Page 4 of Zebra Horizon


  *

  “Hey, you can’t use that entrance,” a tall blond boy in school uniform shouted at me.

  Bloody hell.

  ”Why not? Doors are made to get into a place. What’s different with this one?”

  “It’s for the teachers.”

  “What? Teachers have their own entrance and pupils are not allowed to use it?”

  “Yes.”

  Good heavens. Back to the Middle Ages. What would the headmaster of Summerhill say to that?

  ”You are new here, hey?” The boy smiled at me. “I’m Brian, standard 9. One of the prefects.”

  What on earth is a prefect? Probably some kind of school cop. Right out of the ranks of the pupils. 1000 stinking barnacles! Kids should stick together. Especially at school.

  There were 2 other entrances on this side of the brick building and crowds of pupils in uniforms all over the show. Boys wore long grey, pants, a blue blazer, a white shirt and a blue and yellow tie, girls wore the same kind of blazer, tie and shirt, a khaki skirt and long, grey socks. I had never dreamt of being caught alive in this kind of outfit, but life is full of surprises especially when you are an exchange student.

  “So where do I go in?” I asked Brian.

  Shit, if it’s already complicated to enter, what’s it going to be like inside?

  ”See that first door there? That’s for the girls. The next one is for the boys. And then there is another door round the corner for boys and girls, but only the ones who are in matric.”

  I was speechless.

  At the girls’ entrance a pigtailed fatty stopped me. “You can’t go in there like that.”

  Another bloody school cop. The whole place is infiltrated with them.

  “I thought this is the entrance for the girls.”

  “Ja, that’s correct. But your hair isn’t right.”

  “What?”

  “Come on. It’s the same in all the schools in the country.”

  “Well, this is the first one in this country I’m trying to get into. “

  “Oh, where do you come from?”

  “Germany.”

  “Ja, you’ve got the accent. Don’t you have to tie up your hair in Germany?”

  “Huh?”

  She looked at me as if I had just crawled out of a rat hole and explained with a tone of superiority: “Well here, girls once their hair is hanging over their ears must tie it into pigtails or a ponytail or plait it. If you have got a fringe it mustn’t touch your eyebrows, and boys’ hair mustn’t touch their shirt collar.”

  Marieke had forgotten to tell me all that.

  “Why?”

  Fatty stared at me cow like. “Don’t know… It’s a rule… it looks tidy. It has always been like that. “

  Heiliger Strohsack! Don’t they ever question things here?

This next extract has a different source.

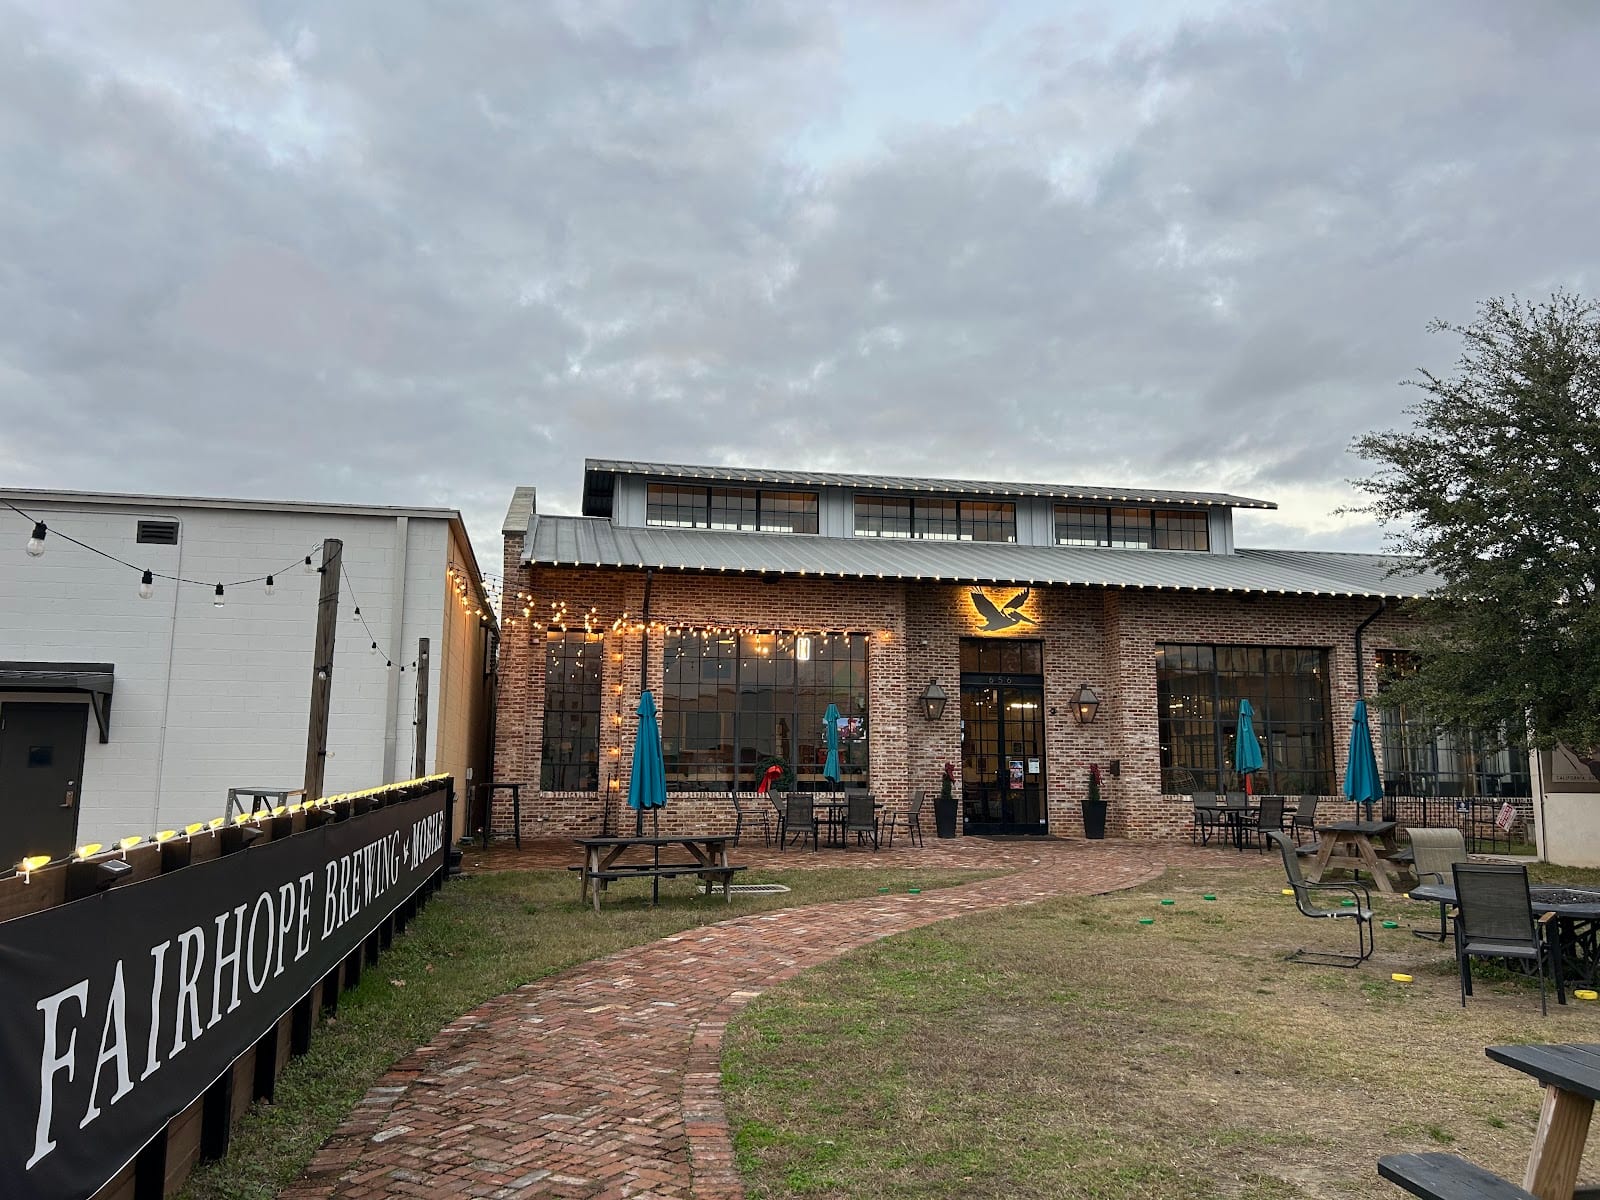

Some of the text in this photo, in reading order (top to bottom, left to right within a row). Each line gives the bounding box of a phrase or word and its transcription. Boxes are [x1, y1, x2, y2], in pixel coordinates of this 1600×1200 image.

  ”What standard are you in? “ The cow asked me.

  “Standard 9.”

  “Well, you are new so you better go with Lynn. She is the head girl. “

  Good Lord. The chief cop!

  The cow’s face broke into a smile. “By the way, I’m Jenny. Welcome to South Africa and the Protea High School. Would you like one of these?“ She pulled a packet of chewing gum out of her blazer pocket, unwrapped 2 for herself and gave me one. “Just be careful. Chewing gum isn’t allowed in the school.”

  I went over to Lynn, a tall brunette with pigtails. Lynn produced a blue spare elastic, matching the blue of the school tie. I put my hair up into a ponytail.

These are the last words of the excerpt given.